Development of An Interactive Dashboard for Outcome Prediction of a Patient Length of Stay
Keywords:Machine Learning, Xtreme Gradient Boosting Regressor, Extra Trees Regressor, Random Forest Regressor, Gradient Boosting Regressor
Machine learning (ML) models predicting operative outcomes of mortality, and in-hospital morbidity e.g., patient length of stay and hospitalization costs can play an important role in examining the efficiency of healthcare services and resource allocation planning in a hospital. However, understanding the inner workings of the ML model in predicting the outcomes is challenging. Therefore, it is beneficial to build an interactive dashboard for interpretations of the ML model. In this study, a few regression-type supervised ML algorithms of Xtreme Gradient Boosting Regressor, Extra Trees Regressor, Random Forest Regressor, Gradient Boosting Regressor and Neural Network were analyzed to predict the patient length of stay (LOS) by using the MIMIC3d dataset. Then the finding of prediction performance was evaluated in terms of root mean squared error (RMSE) and the R-squared (R2) performance indexes.

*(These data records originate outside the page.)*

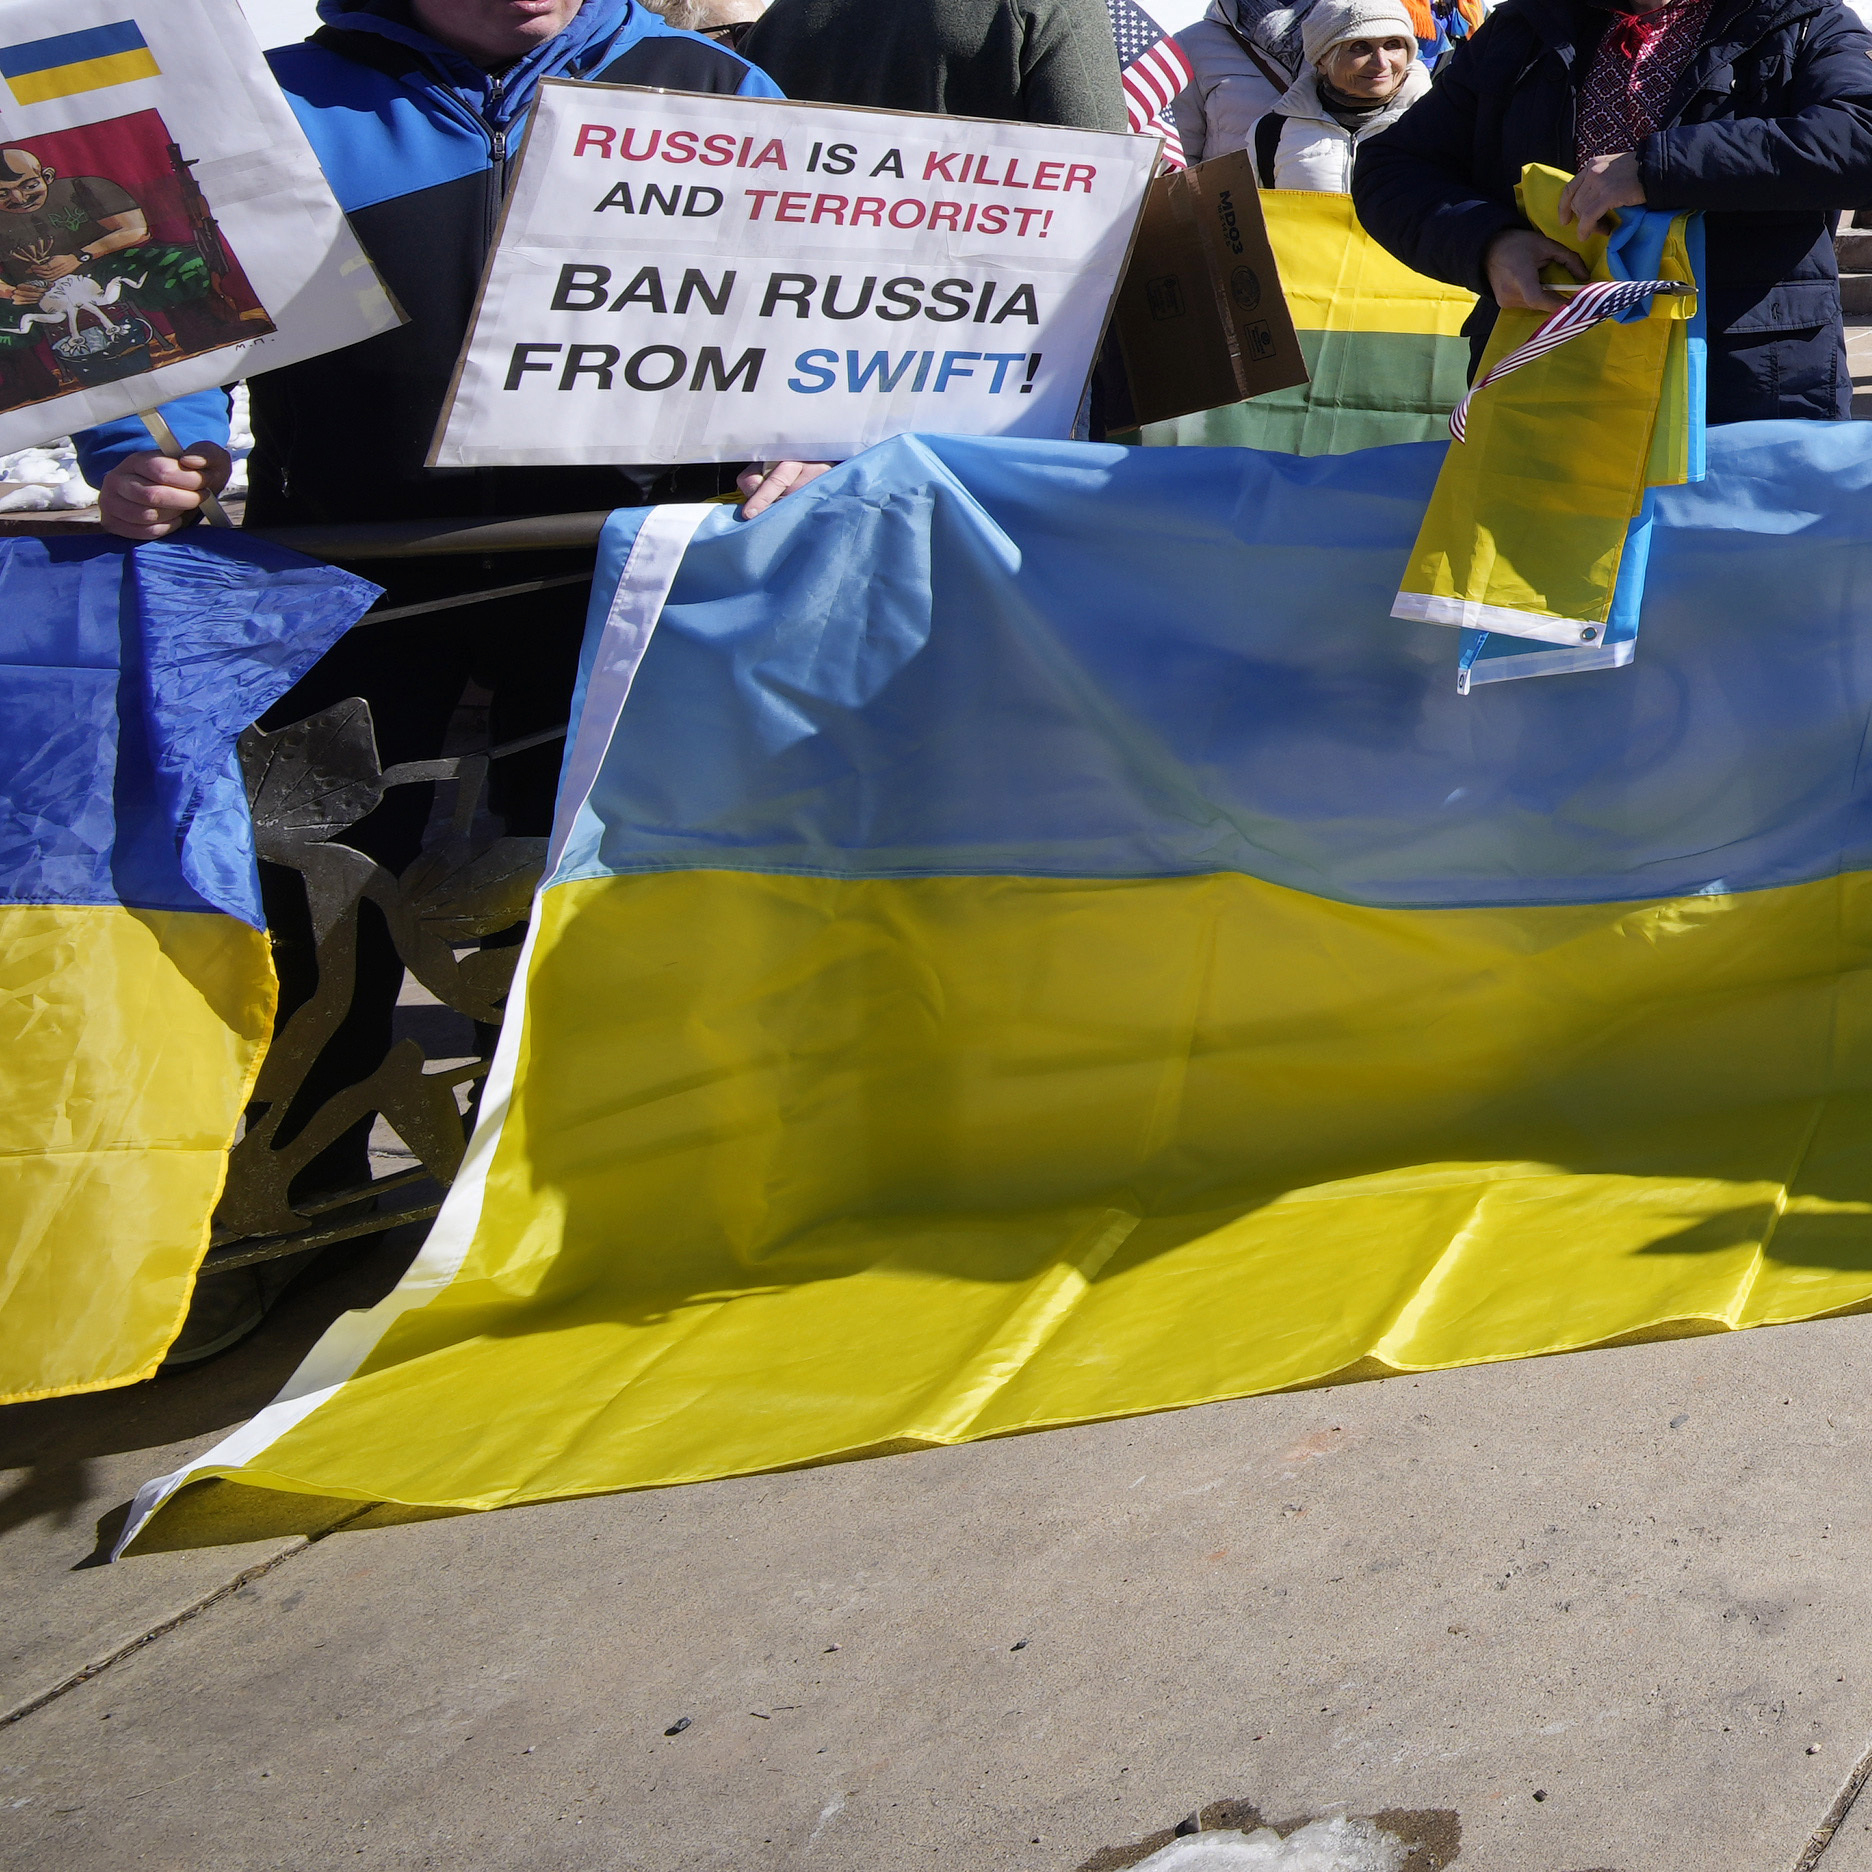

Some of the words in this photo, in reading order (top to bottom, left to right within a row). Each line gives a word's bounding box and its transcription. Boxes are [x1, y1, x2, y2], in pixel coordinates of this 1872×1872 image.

[573, 123, 790, 171] RUSSIA
[806, 141, 857, 176] IS
[869, 147, 906, 179] A
[922, 150, 1098, 194] KILLER
[593, 181, 725, 218] AND
[743, 188, 1054, 239] TERRORIST!
[549, 263, 738, 316] BAN
[758, 271, 1041, 326] RUSSIA
[502, 342, 768, 393] FROM
[786, 348, 1044, 396] SWIFT!
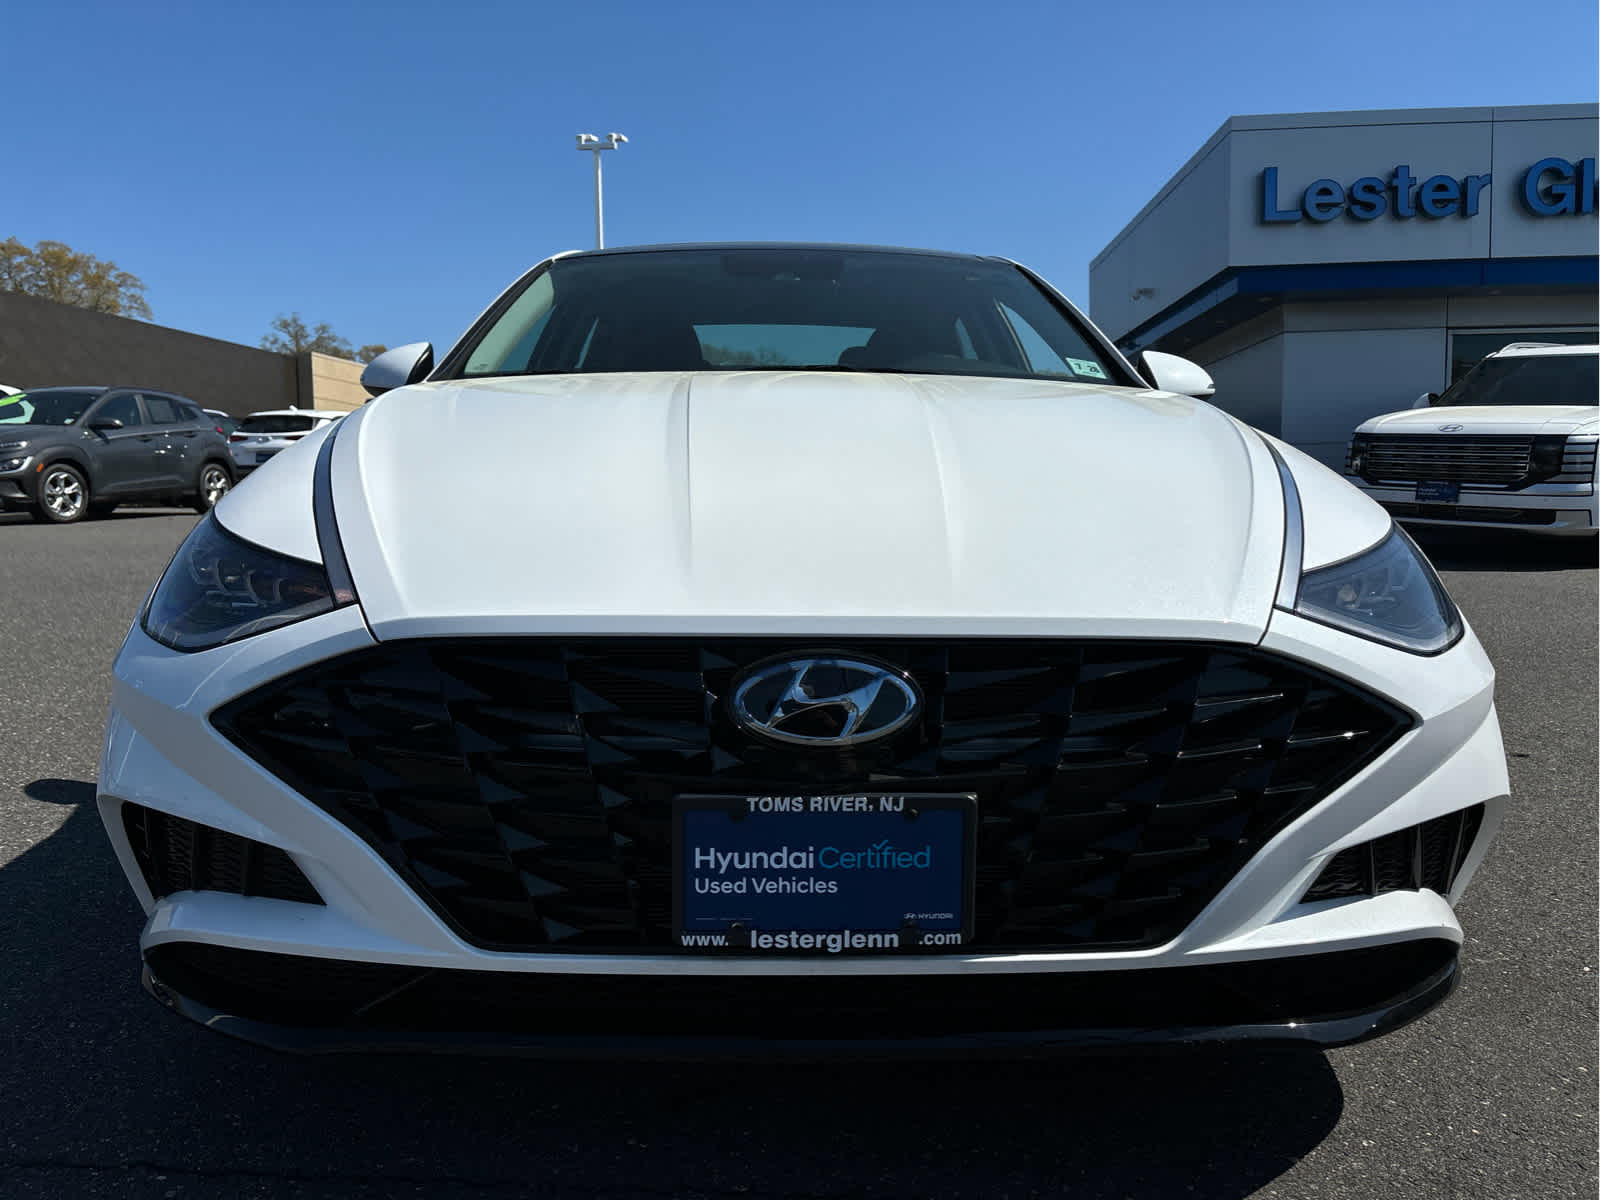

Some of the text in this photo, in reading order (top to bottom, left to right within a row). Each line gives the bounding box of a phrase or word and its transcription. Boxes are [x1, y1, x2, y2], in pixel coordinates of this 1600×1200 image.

[1261, 157, 1599, 222] Lester Gl
[747, 797, 905, 813] TOMS RIVER, NJ
[695, 840, 931, 874] Hyundai Certified
[695, 877, 838, 894] Used Vehicles
[681, 930, 962, 952] www. lesterglenn .com
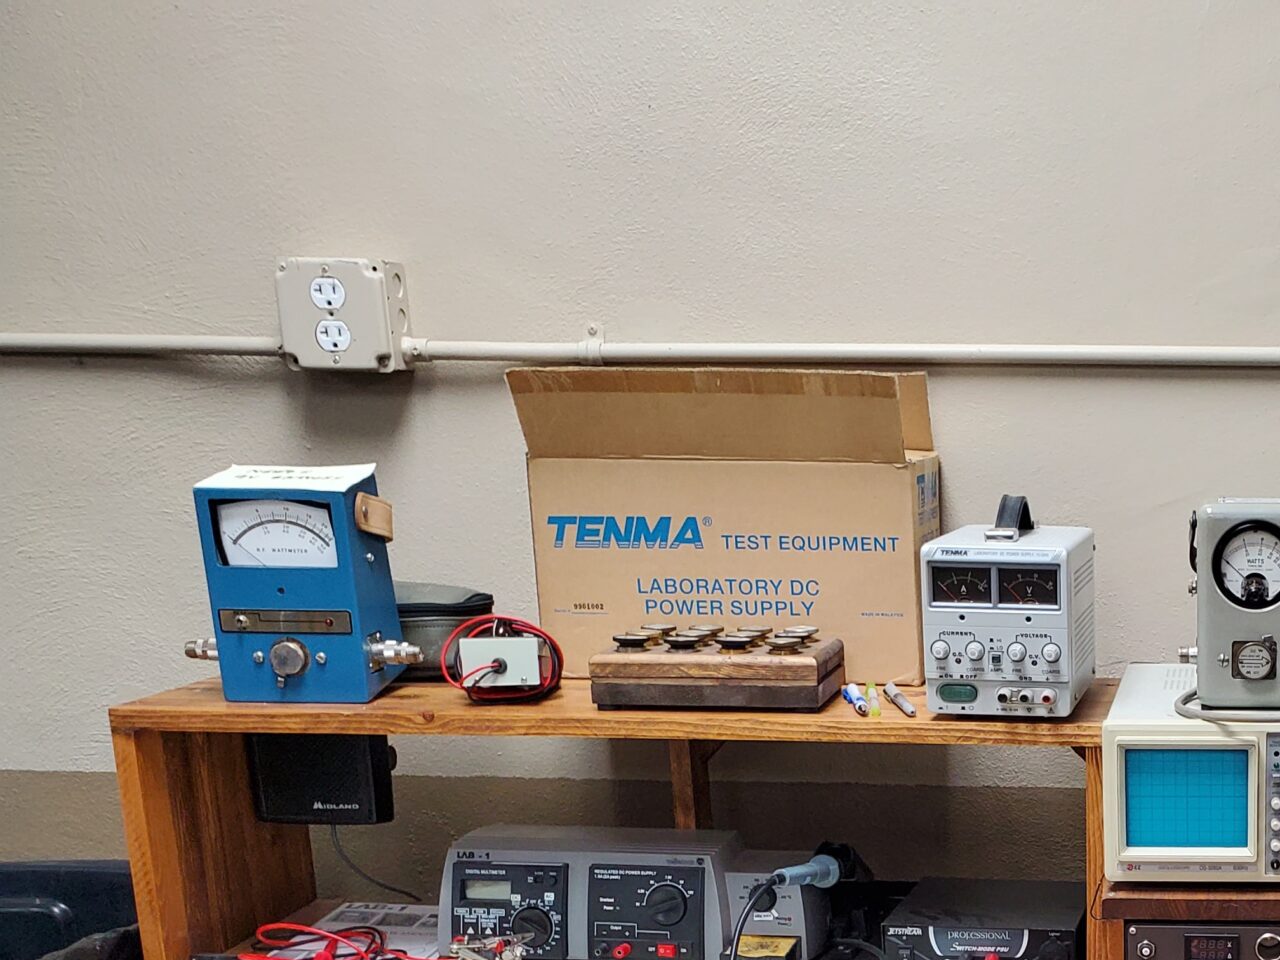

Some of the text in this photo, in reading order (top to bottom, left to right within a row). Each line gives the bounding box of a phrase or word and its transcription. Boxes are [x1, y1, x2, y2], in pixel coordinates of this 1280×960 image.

[547, 516, 704, 549] TENMA
[721, 535, 900, 552] TEST EQUIPMENT
[637, 578, 820, 596] LABORATORY DC
[646, 600, 814, 616] POWER SUPPLY
[313, 801, 360, 809] MIDLAND
[888, 927, 922, 935] JETSTREAM
[948, 931, 1010, 940] PROFESSIONAL
[951, 942, 995, 952] SWITCH-MODE
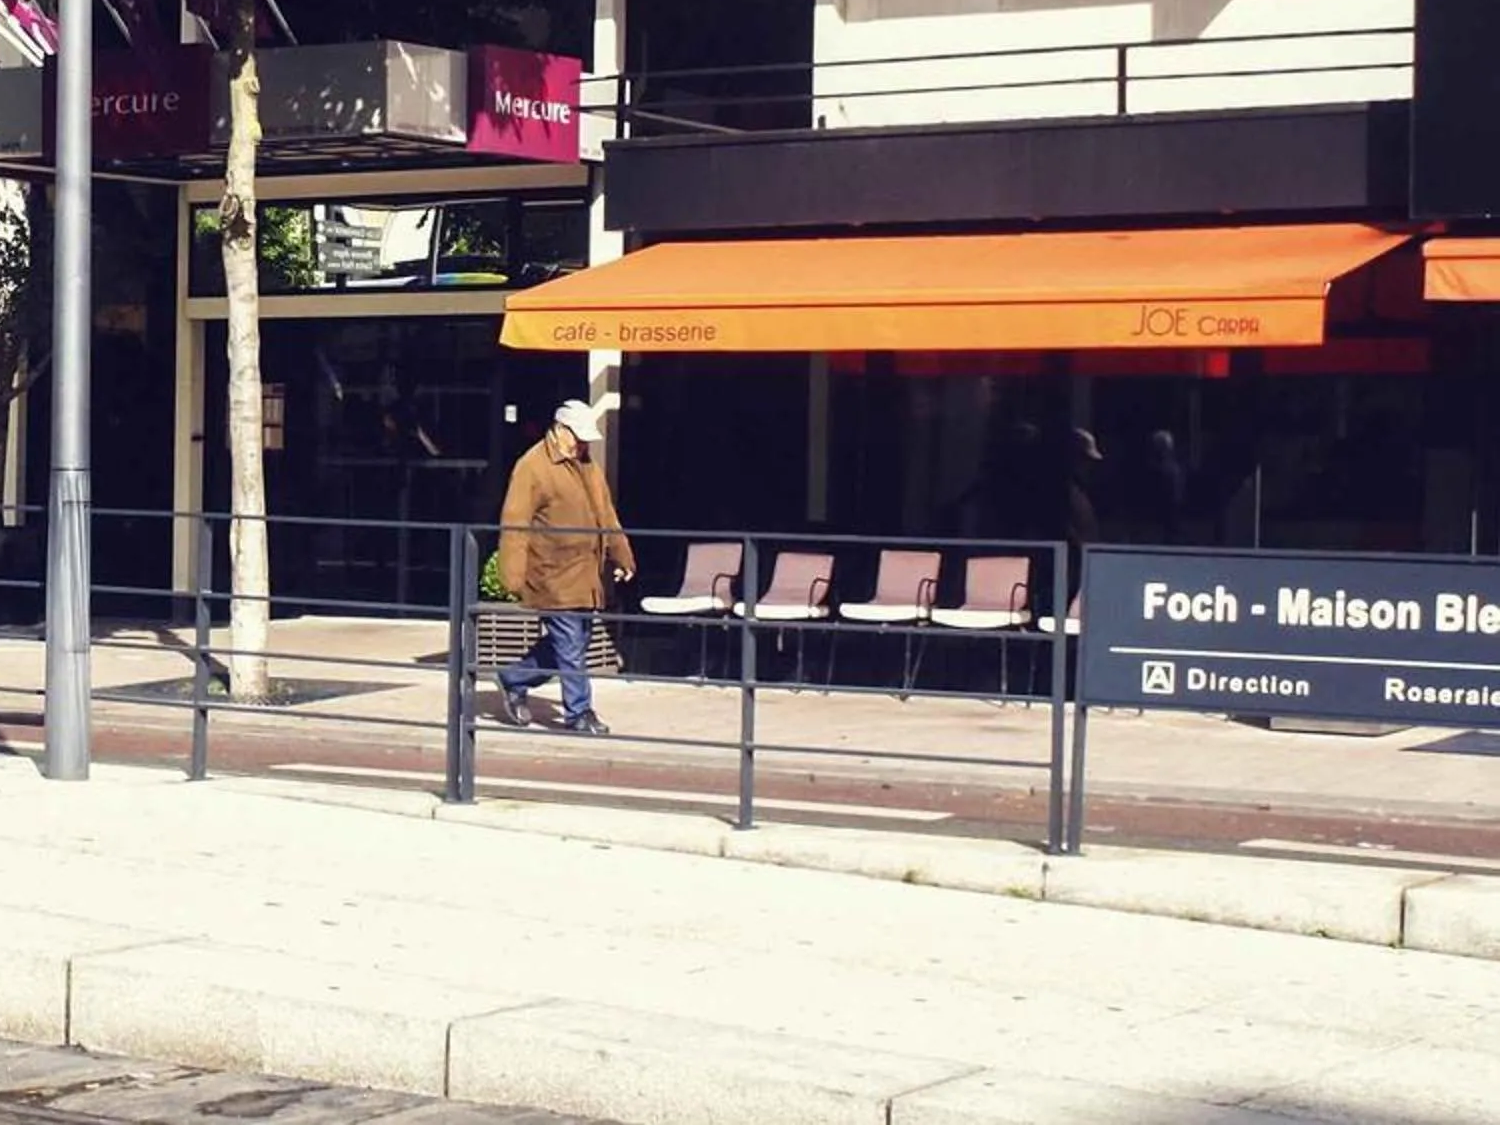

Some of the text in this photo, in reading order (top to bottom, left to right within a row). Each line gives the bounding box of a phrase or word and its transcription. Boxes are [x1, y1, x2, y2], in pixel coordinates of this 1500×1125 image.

The performance results of the ML model evaluation were compared, and the best ML model which was Xtreme Gradient Boosting Regressor with RMSE of 3.44 and R2 of 0.992 was used to create an interactive dashboard of outcome prediction for a patient length of stay. All these works were done using Python programming. This dashboard was successfully tested in a local host, and it could be used by hospital administrators to conduct ML analysis and prediction of patient LOS patients helping them to optimize resource allocation planning in hospital units.